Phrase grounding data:
----------
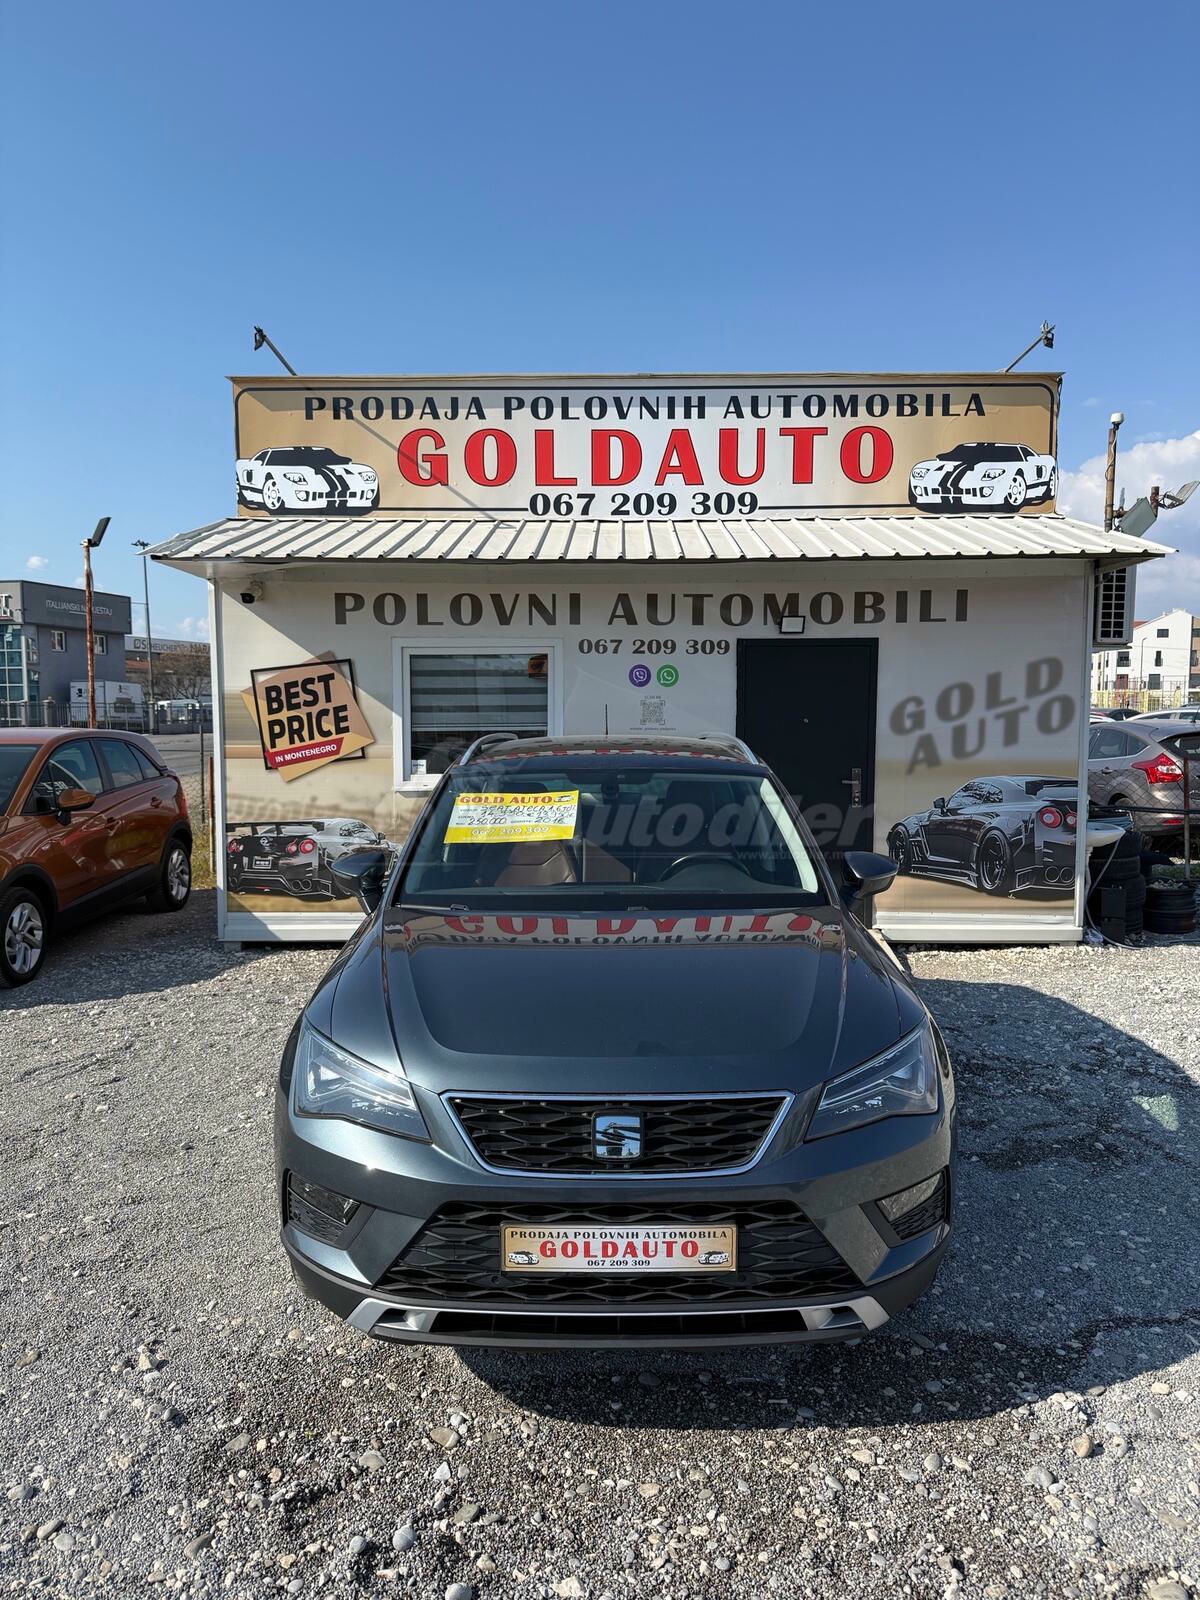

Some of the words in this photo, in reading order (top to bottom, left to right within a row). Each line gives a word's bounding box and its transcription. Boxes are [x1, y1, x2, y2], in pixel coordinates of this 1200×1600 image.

[304, 396, 487, 420] PRODAJA
[503, 395, 706, 420] POLOVNIH
[723, 393, 986, 419] AUTOMOBILA
[397, 425, 894, 488] GOLDAUTO
[529, 492, 596, 516] 067
[610, 492, 677, 516] 209
[691, 491, 759, 515] 309
[333, 592, 581, 626] POLOVNI
[607, 588, 969, 626] AUTOMOBILI
[578, 638, 624, 655] 067
[631, 639, 677, 655] 209
[685, 639, 730, 655] 309
[265, 672, 335, 716] BEST
[889, 656, 1064, 736] GOLD
[267, 704, 350, 749] PRICE
[905, 694, 1076, 775] AUTO
[275, 755, 284, 763] IN
[284, 743, 337, 761] MONTENEGRO
[459, 795, 505, 804] GOLD
[509, 795, 553, 804] AUTO
[511, 1230, 569, 1240] PRODAJA
[573, 1231, 639, 1240] POLOVNIH
[643, 1230, 728, 1239] AUTOMOBILA
[539, 1240, 699, 1258] GOLDAUTO
[587, 1259, 606, 1267] 067
[609, 1259, 629, 1267] 209
[631, 1259, 651, 1267] 309
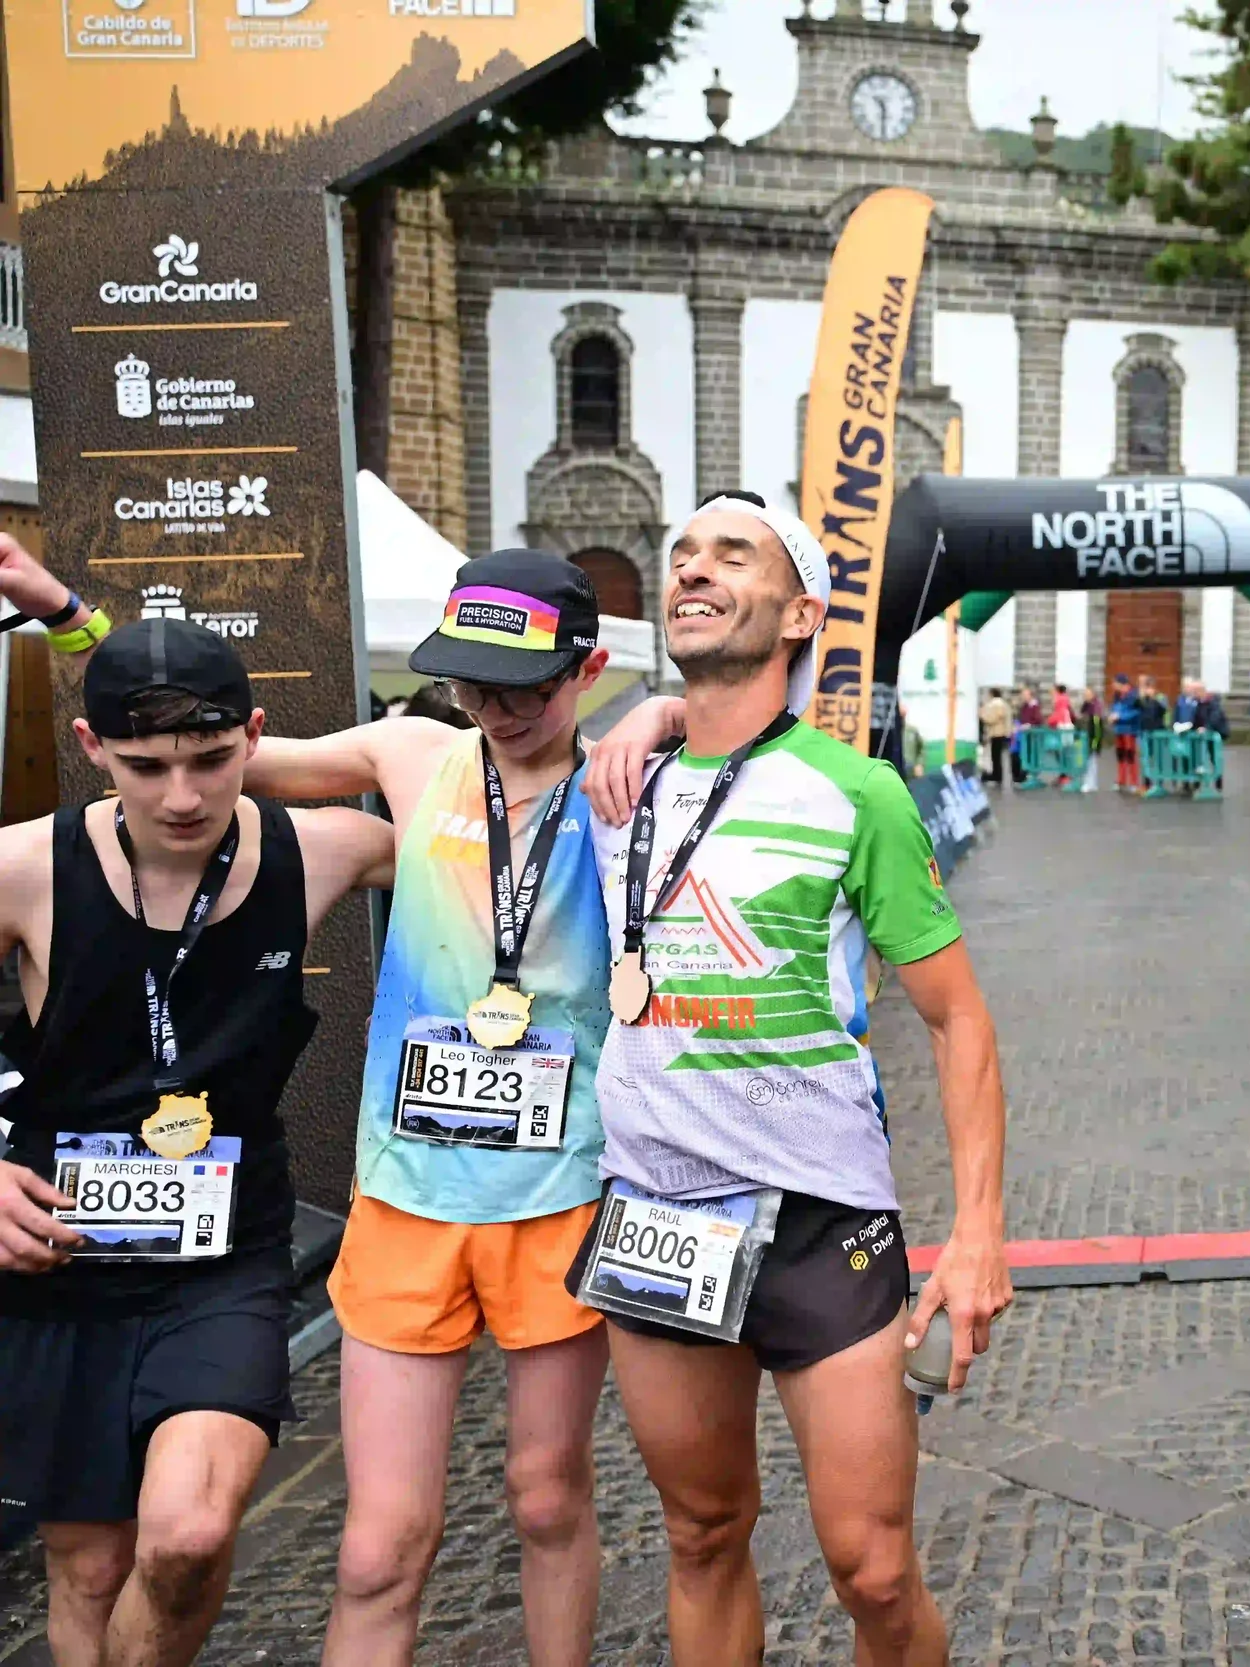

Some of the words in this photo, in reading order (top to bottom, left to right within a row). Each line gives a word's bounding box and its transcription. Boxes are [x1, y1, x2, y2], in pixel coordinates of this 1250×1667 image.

[84, 15, 147, 31] Cabildo
[150, 16, 172, 31] de
[77, 31, 116, 47] Gran
[120, 31, 183, 46] Canaria
[248, 35, 325, 48] DEPORTES
[867, 275, 907, 420] CANARIA
[843, 311, 875, 410] GRAN
[155, 377, 236, 394] Gobierno
[157, 396, 178, 410] de
[179, 393, 255, 410] Canarias
[166, 477, 224, 500] Islas
[1096, 483, 1181, 512] THE
[114, 496, 226, 520] Canarias
[1031, 510, 1182, 549] NORTH
[1077, 545, 1181, 577] FACE
[459, 617, 474, 625] FUEL
[480, 618, 522, 631] HYDRATION
[461, 606, 525, 624] PRECISION
[645, 943, 718, 956] RGAS
[667, 960, 734, 970] Canaria
[488, 1011, 510, 1021] TRANS
[521, 1032, 540, 1042] RAN
[441, 1048, 465, 1062] Leo
[470, 1050, 517, 1067] Togher
[426, 1064, 524, 1103] 8123
[165, 1119, 190, 1131] TRANS
[94, 1163, 178, 1176] MARCHESI
[79, 1179, 185, 1213] 8033
[648, 1207, 682, 1226] RAUL
[858, 1212, 890, 1242] Digital
[618, 1221, 699, 1269] 8006
[871, 1232, 895, 1256] DMP
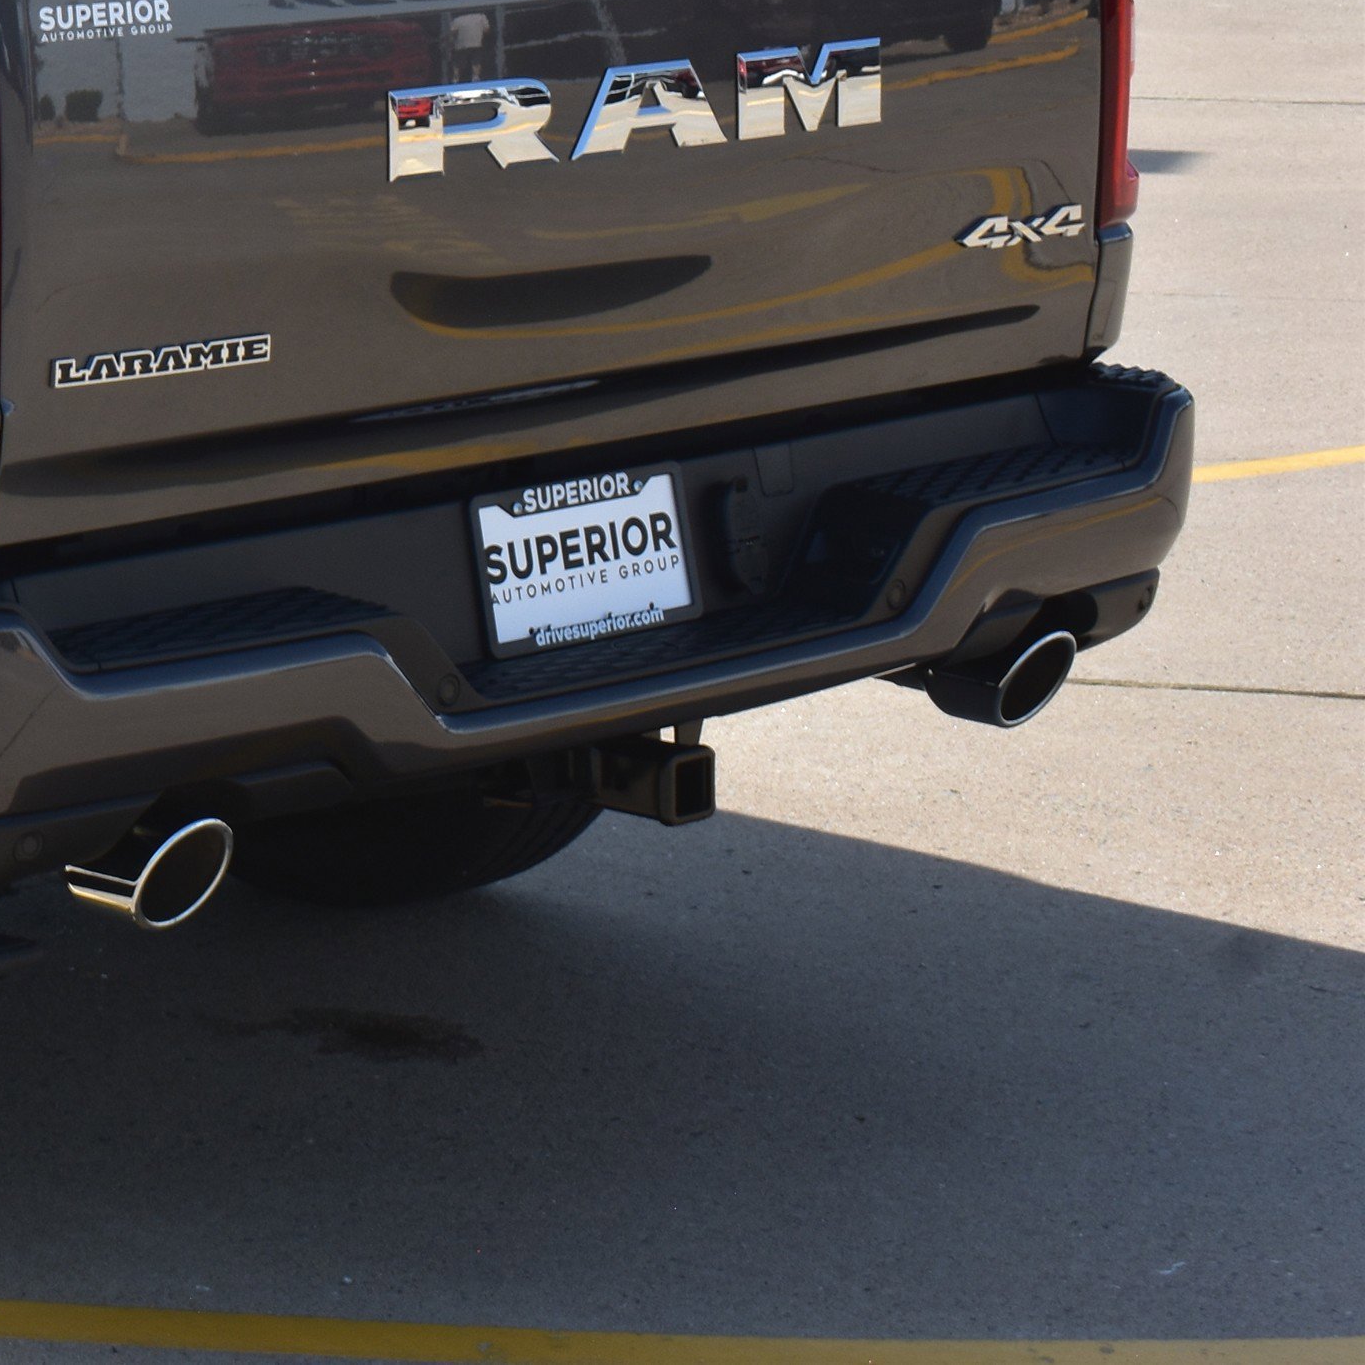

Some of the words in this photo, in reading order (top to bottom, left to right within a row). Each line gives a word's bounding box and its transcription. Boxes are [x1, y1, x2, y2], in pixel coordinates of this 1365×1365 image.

[40, 27, 124, 43] AUTOMOTIVE
[130, 23, 173, 36] GROUP
[387, 37, 881, 182] RAM
[957, 203, 1086, 249] 4x4
[53, 333, 271, 388] LARAMIE
[522, 471, 631, 513] SUPERIOR
[484, 511, 677, 585] SUPERIOR
[490, 568, 608, 605] AUTOMOTIVE
[618, 555, 680, 579] GROUP
[535, 607, 665, 647] drivesuperior.com
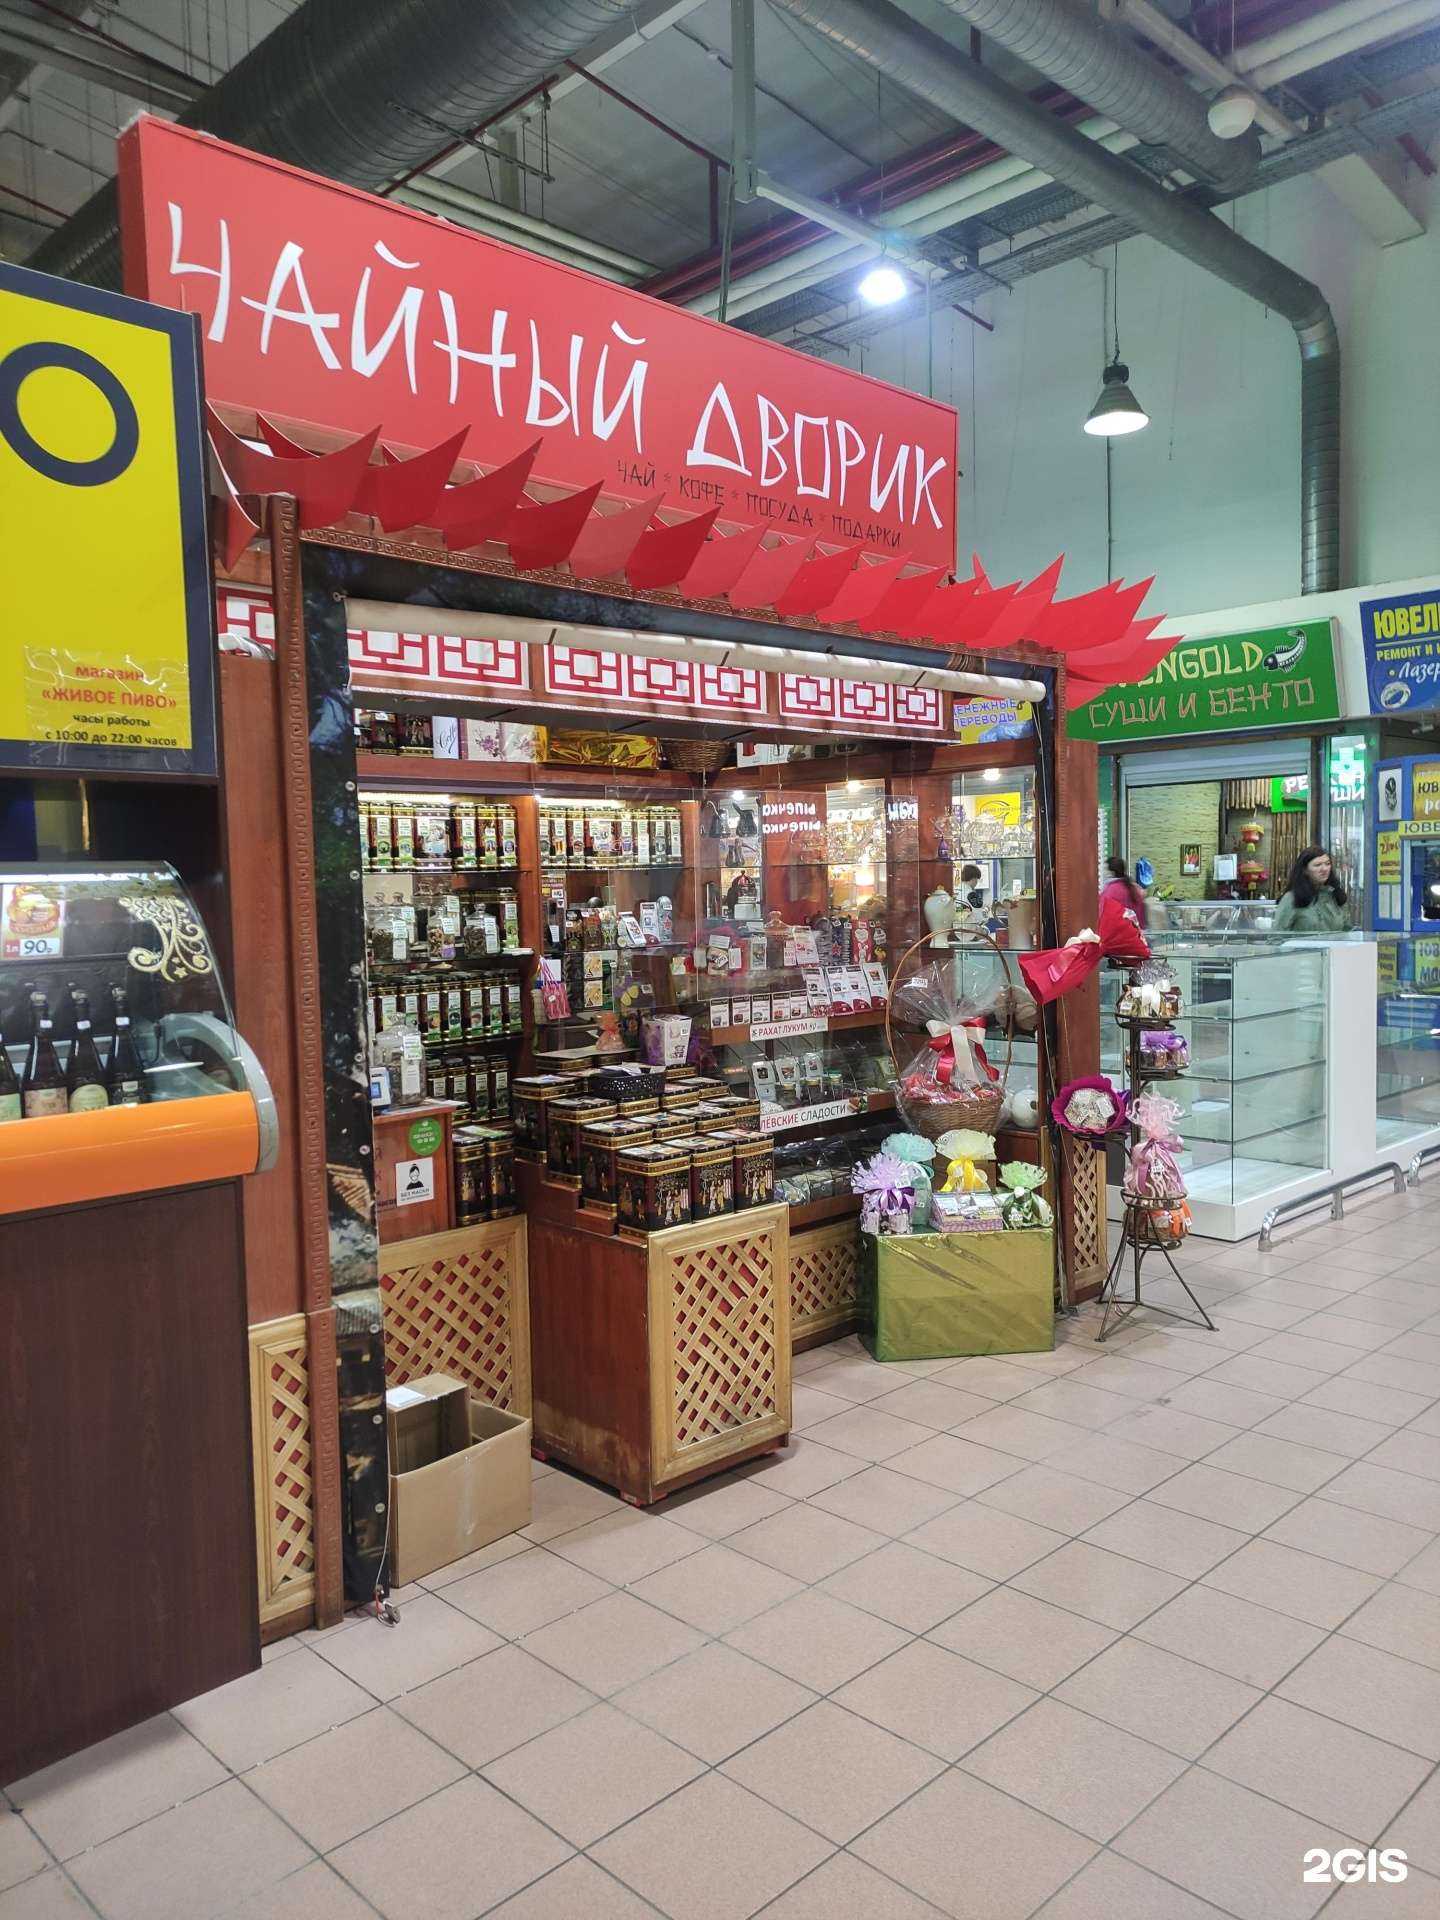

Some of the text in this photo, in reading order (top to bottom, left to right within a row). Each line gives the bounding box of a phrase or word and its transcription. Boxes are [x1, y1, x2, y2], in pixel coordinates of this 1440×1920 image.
----------
→ **Your instructions**: Leave out every picture, and write out exactly the lines from the one with "this 1365×1365 image." through the end of the records above, both ends included.

→ **Reply to the exercise**:
Some of the words in this photo, in reading order (top to bottom, left to right within a row). Each line gives a word's bounding box and its transcription. Boxes are [x1, y1, x2, y2], in pixel coordinates of this 1365×1365 image.

[40, 27, 124, 43] AUTOMOTIVE
[130, 23, 173, 36] GROUP
[387, 37, 881, 182] RAM
[957, 203, 1086, 249] 4x4
[53, 333, 271, 388] LARAMIE
[522, 471, 631, 513] SUPERIOR
[484, 511, 677, 585] SUPERIOR
[490, 568, 608, 605] AUTOMOTIVE
[618, 555, 680, 579] GROUP
[535, 607, 665, 647] drivesuperior.com

Some of the text in this photo, in reading order (top to bottom, left to right within a row). Each line gives the bounding box of a phrase or word and its transcription. Boxes are [x1, y1, x2, y2], in pixel coordinates of this 1440×1920 image.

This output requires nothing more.